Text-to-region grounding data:
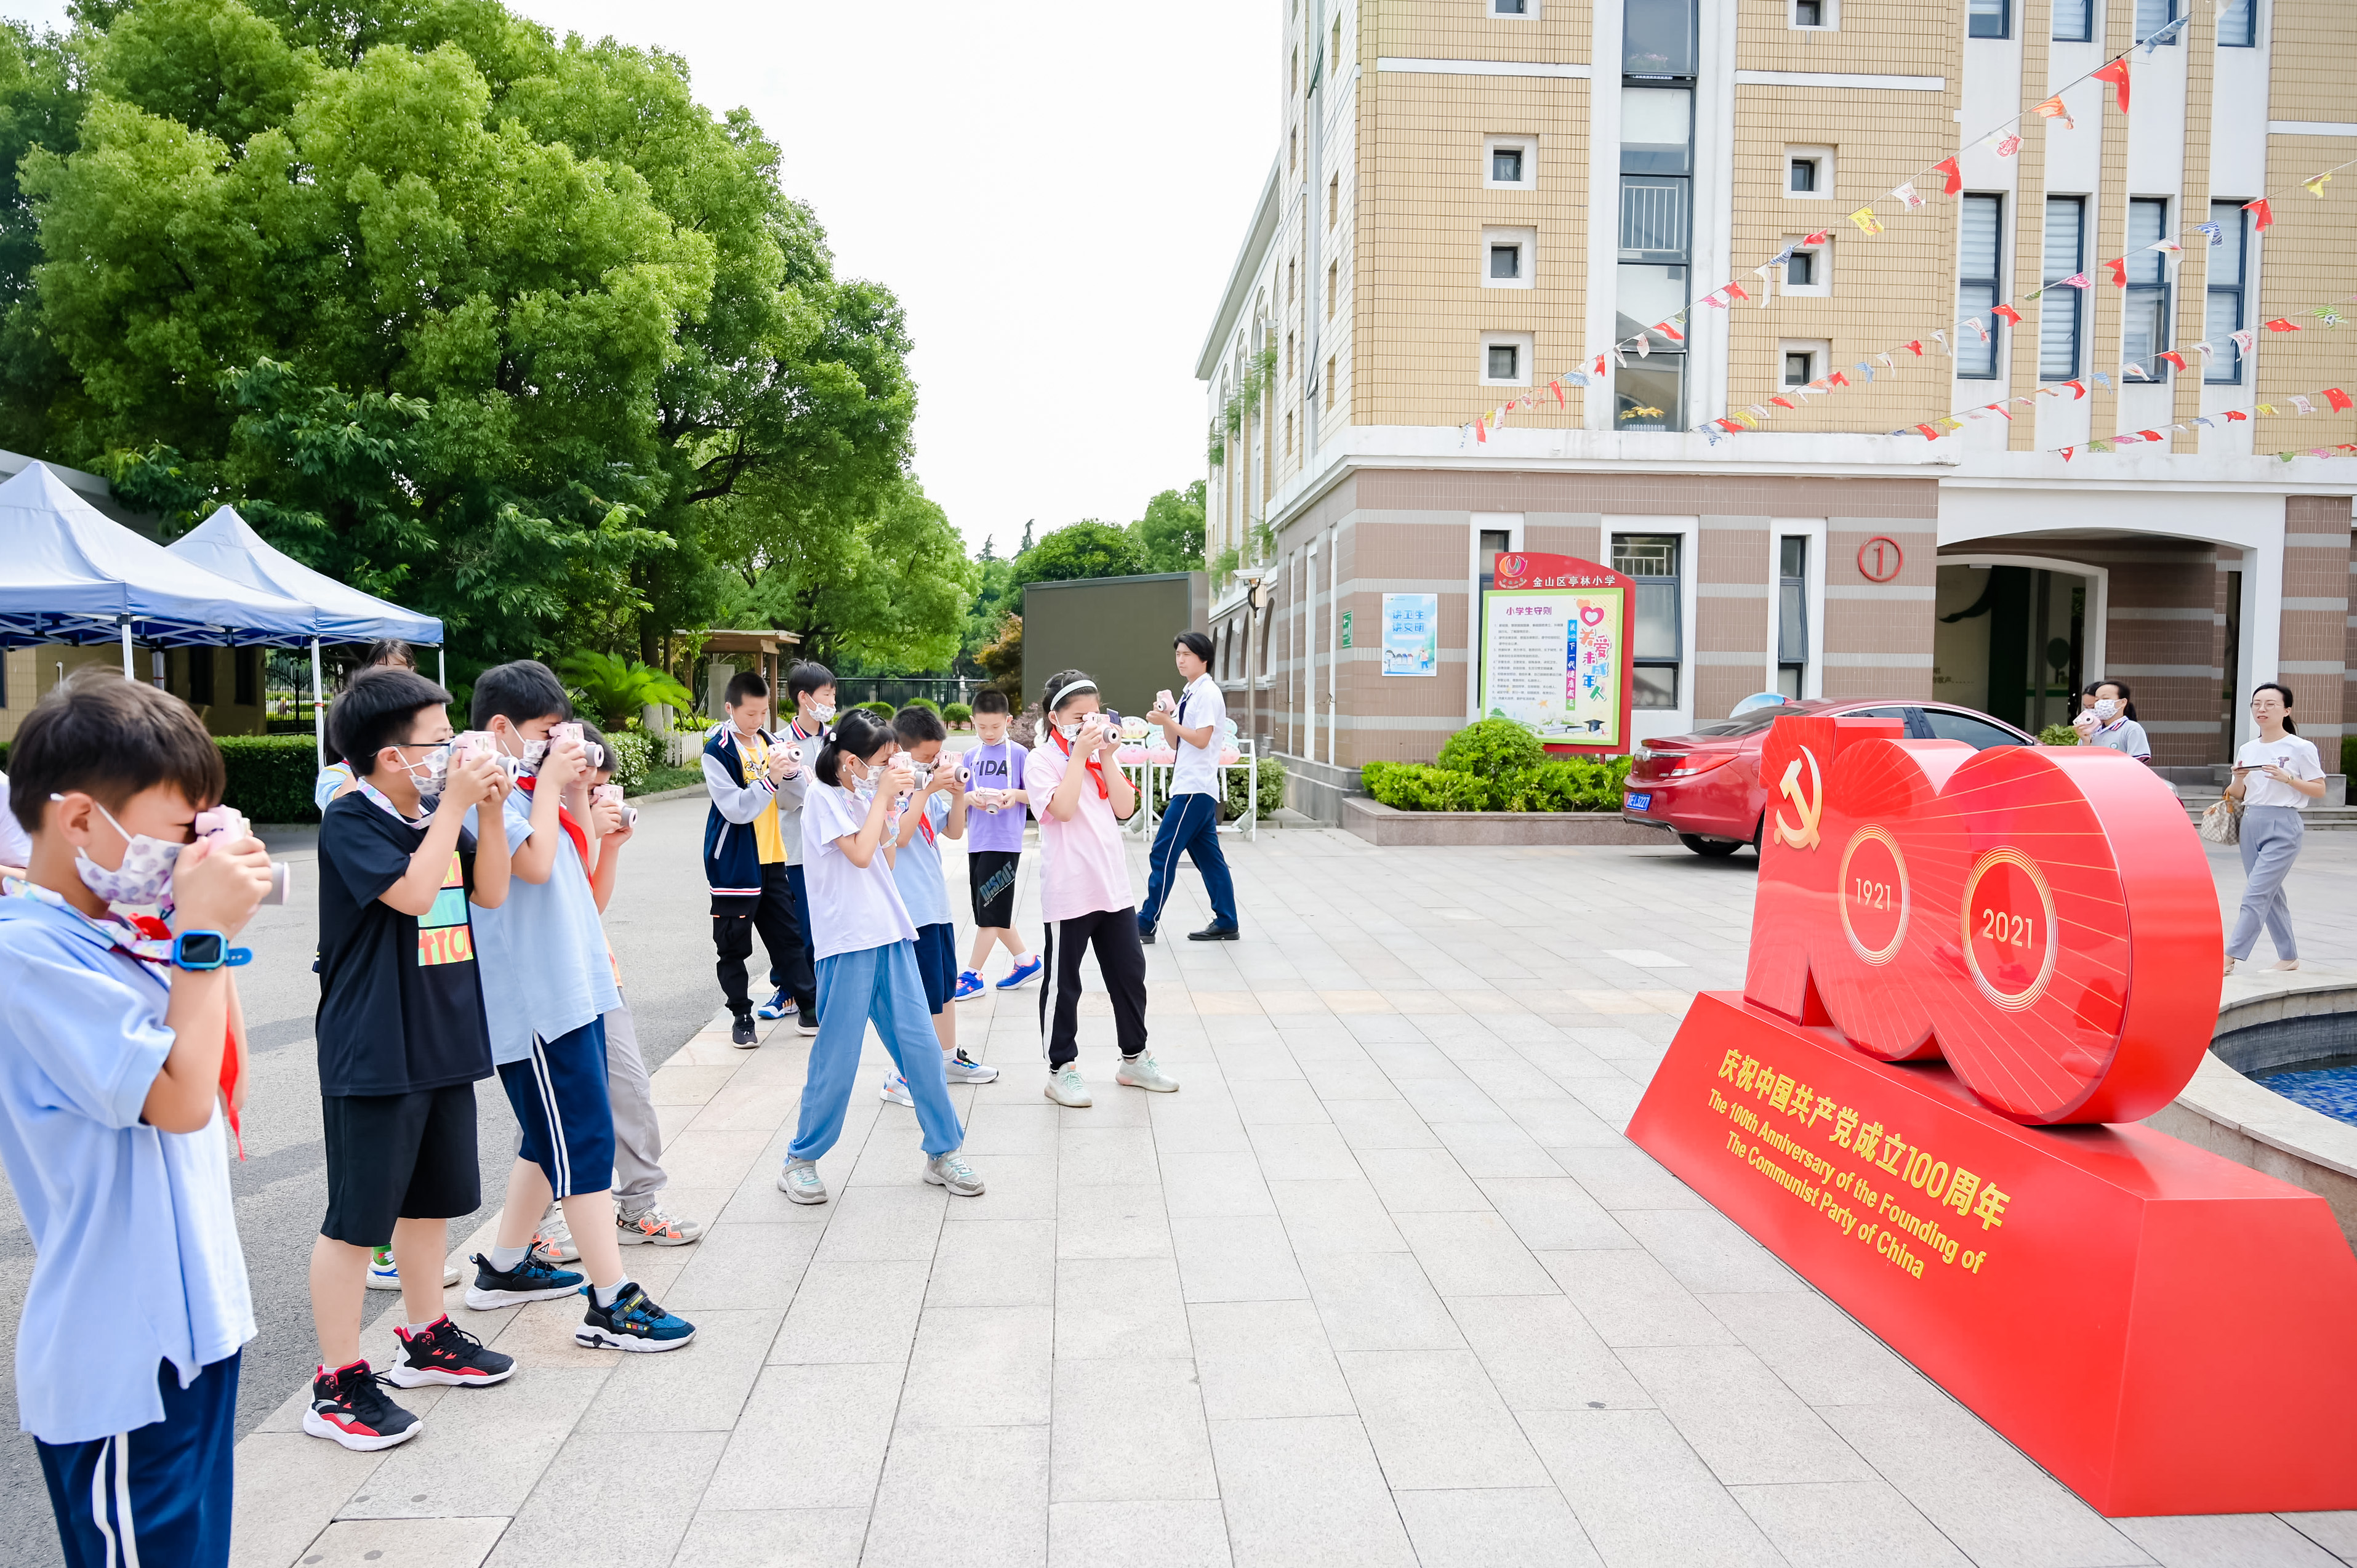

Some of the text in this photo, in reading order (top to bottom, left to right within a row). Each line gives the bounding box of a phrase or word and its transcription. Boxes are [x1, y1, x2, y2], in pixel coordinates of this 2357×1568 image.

[1533, 575, 1615, 587] 金山区亭林小学
[1392, 609, 1424, 619] 讲卫生
[1392, 622, 1424, 632] 讲文明
[1506, 606, 1552, 615] 小学生守则
[1856, 878, 1890, 911] 1921
[1983, 908, 2033, 949] 2021
[1718, 1049, 2011, 1231] 庆祝中国共产党成立100周年
[1708, 1088, 1987, 1274] The 100th Anniversary of the Founding of
[1726, 1130, 1925, 1279] The Communist Party of China
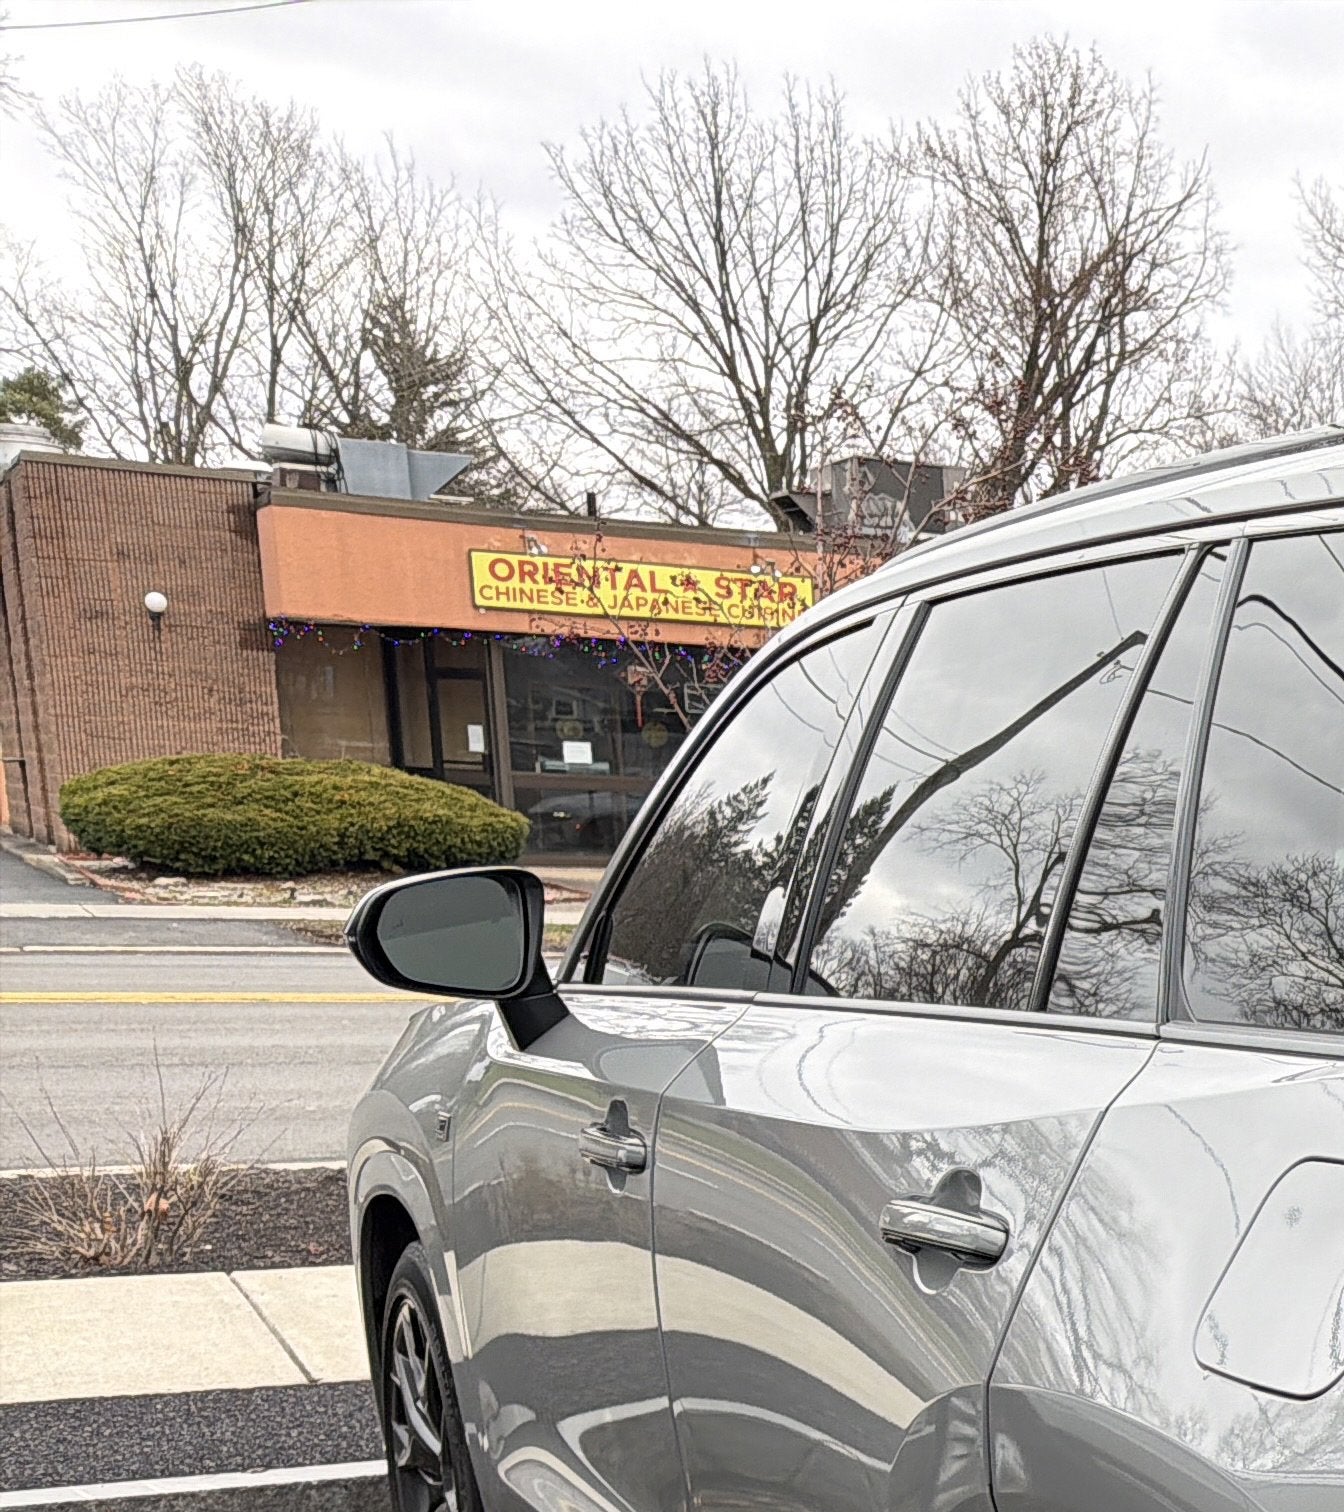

Task objective: When you set down the records above, copy every line exactly and exclude the pictures.

Answer section:
Some of the text in this photo, in reading order (top to bottom, left to right within a row). Each line gives the bounding box of a phrase or word and its transcription. Boxes are [x1, y1, x2, y2], in pixel coordinates of this 2357×1568 image.

[1533, 575, 1615, 587] 金山区亭林小学
[1392, 609, 1424, 619] 讲卫生
[1392, 622, 1424, 632] 讲文明
[1506, 606, 1552, 615] 小学生守则
[1856, 878, 1890, 911] 1921
[1983, 908, 2033, 949] 2021
[1718, 1049, 2011, 1231] 庆祝中国共产党成立100周年
[1708, 1088, 1987, 1274] The 100th Anniversary of the Founding of
[1726, 1130, 1925, 1279] The Communist Party of China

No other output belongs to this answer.